(What is required): Pictures excluded, copy all of the data below exactly.

(Supplied information):
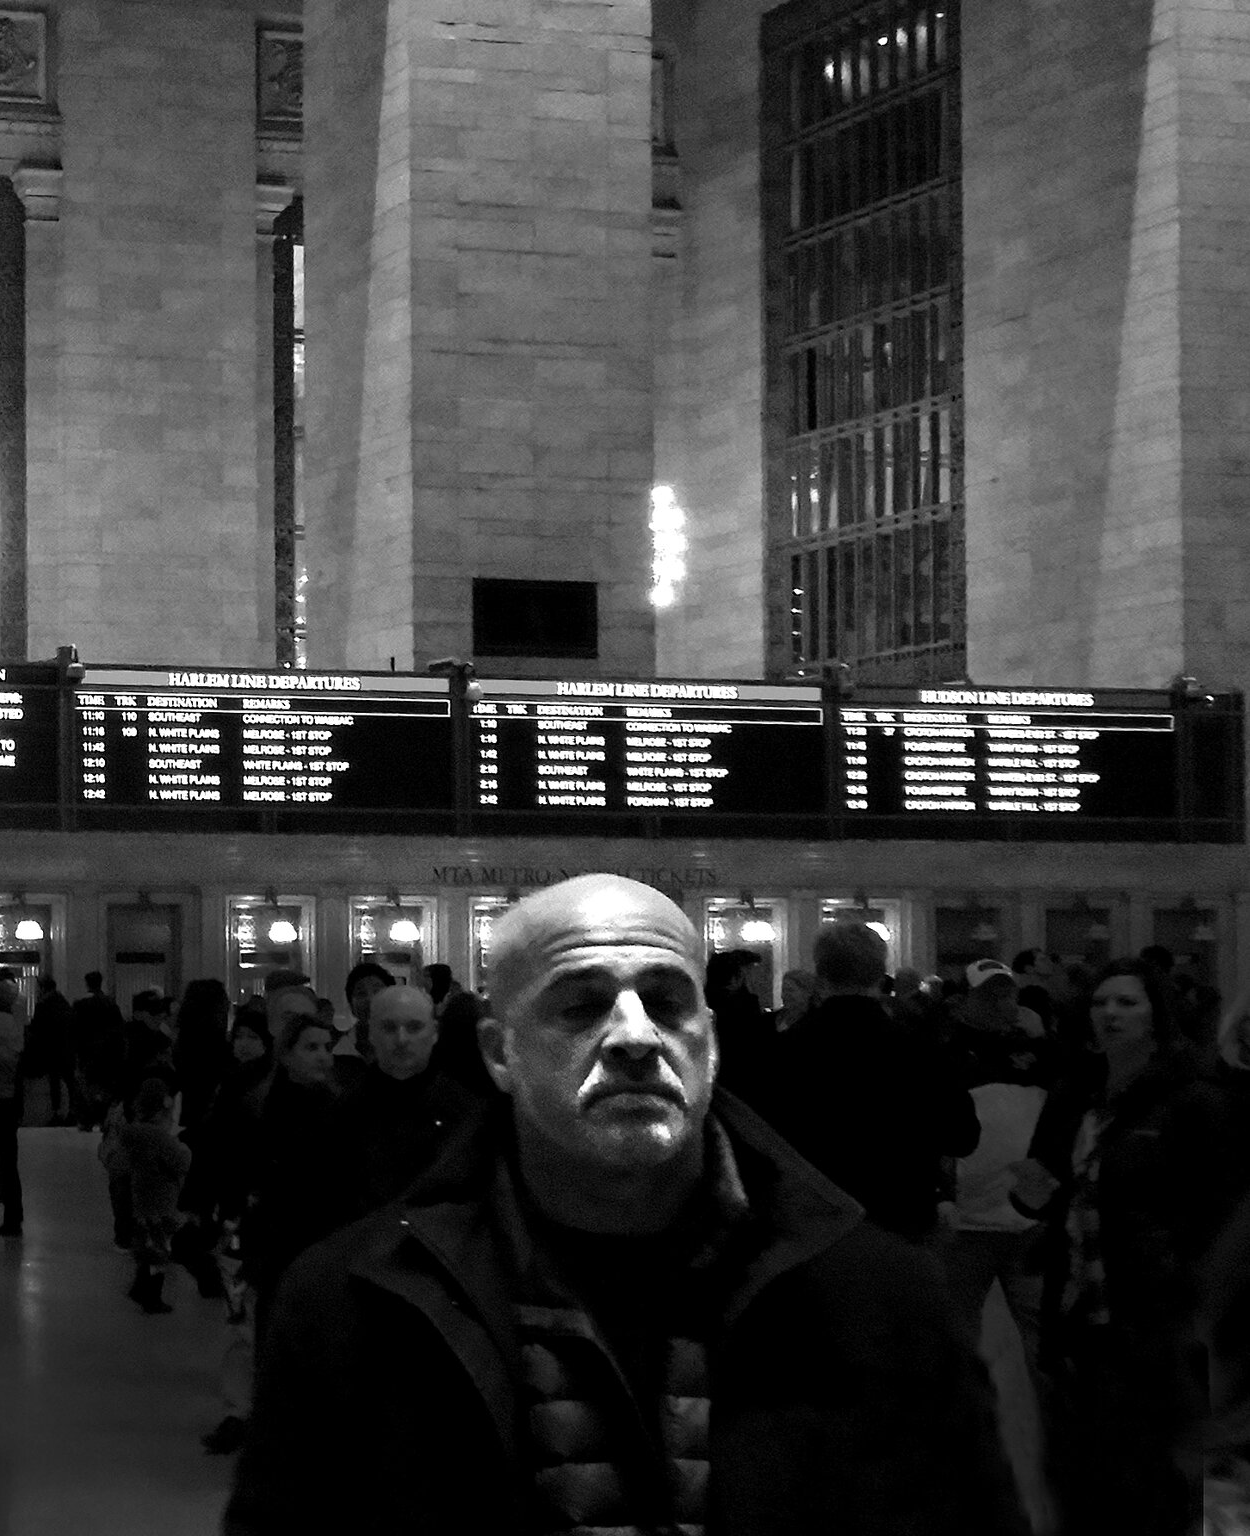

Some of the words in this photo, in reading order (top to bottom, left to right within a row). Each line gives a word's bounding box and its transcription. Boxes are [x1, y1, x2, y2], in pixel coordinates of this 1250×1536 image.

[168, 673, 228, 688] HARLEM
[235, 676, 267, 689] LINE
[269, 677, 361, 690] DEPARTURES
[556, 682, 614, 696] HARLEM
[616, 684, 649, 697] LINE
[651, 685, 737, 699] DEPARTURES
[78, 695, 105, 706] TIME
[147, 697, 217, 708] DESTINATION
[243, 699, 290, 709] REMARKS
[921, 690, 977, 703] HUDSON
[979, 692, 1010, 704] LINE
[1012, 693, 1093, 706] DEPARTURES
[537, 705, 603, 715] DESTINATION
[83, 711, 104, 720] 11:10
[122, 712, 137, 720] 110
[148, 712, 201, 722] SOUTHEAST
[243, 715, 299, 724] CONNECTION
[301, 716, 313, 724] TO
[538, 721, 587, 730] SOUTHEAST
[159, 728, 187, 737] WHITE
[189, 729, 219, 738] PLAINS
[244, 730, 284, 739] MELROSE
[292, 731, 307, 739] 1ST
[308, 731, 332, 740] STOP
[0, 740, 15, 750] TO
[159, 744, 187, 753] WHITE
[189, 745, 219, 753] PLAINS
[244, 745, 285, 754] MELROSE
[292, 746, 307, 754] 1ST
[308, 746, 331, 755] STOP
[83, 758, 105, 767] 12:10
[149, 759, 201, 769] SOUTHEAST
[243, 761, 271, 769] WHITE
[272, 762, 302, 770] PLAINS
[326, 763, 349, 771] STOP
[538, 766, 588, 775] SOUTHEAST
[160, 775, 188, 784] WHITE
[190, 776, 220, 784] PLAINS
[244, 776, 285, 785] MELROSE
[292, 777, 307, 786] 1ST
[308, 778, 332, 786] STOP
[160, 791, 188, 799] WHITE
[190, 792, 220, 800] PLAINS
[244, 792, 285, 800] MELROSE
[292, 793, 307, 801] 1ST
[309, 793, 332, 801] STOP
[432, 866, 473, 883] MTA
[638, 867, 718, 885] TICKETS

(Answer area):
Some of the words in this photo, in reading order (top to bottom, left to right within a row). Each line gives a word's bounding box and its transcription. Boxes are [x1, y1, x2, y2], in pixel coordinates of this 1250×1536 image.

[168, 673, 228, 688] HARLEM
[235, 676, 267, 689] LINE
[269, 677, 361, 690] DEPARTURES
[556, 682, 614, 696] HARLEM
[616, 684, 649, 697] LINE
[651, 685, 737, 699] DEPARTURES
[78, 695, 105, 706] TIME
[147, 697, 217, 708] DESTINATION
[243, 699, 290, 709] REMARKS
[921, 690, 977, 703] HUDSON
[979, 692, 1010, 704] LINE
[1012, 693, 1093, 706] DEPARTURES
[537, 705, 603, 715] DESTINATION
[83, 711, 104, 720] 11:10
[122, 712, 137, 720] 110
[148, 712, 201, 722] SOUTHEAST
[243, 715, 299, 724] CONNECTION
[301, 716, 313, 724] TO
[538, 721, 587, 730] SOUTHEAST
[159, 728, 187, 737] WHITE
[189, 729, 219, 738] PLAINS
[244, 730, 284, 739] MELROSE
[292, 731, 307, 739] 1ST
[308, 731, 332, 740] STOP
[0, 740, 15, 750] TO
[159, 744, 187, 753] WHITE
[189, 745, 219, 753] PLAINS
[244, 745, 285, 754] MELROSE
[292, 746, 307, 754] 1ST
[308, 746, 331, 755] STOP
[83, 758, 105, 767] 12:10
[149, 759, 201, 769] SOUTHEAST
[243, 761, 271, 769] WHITE
[272, 762, 302, 770] PLAINS
[326, 763, 349, 771] STOP
[538, 766, 588, 775] SOUTHEAST
[160, 775, 188, 784] WHITE
[190, 776, 220, 784] PLAINS
[244, 776, 285, 785] MELROSE
[292, 777, 307, 786] 1ST
[308, 778, 332, 786] STOP
[160, 791, 188, 799] WHITE
[190, 792, 220, 800] PLAINS
[244, 792, 285, 800] MELROSE
[292, 793, 307, 801] 1ST
[309, 793, 332, 801] STOP
[432, 866, 473, 883] MTA
[638, 867, 718, 885] TICKETS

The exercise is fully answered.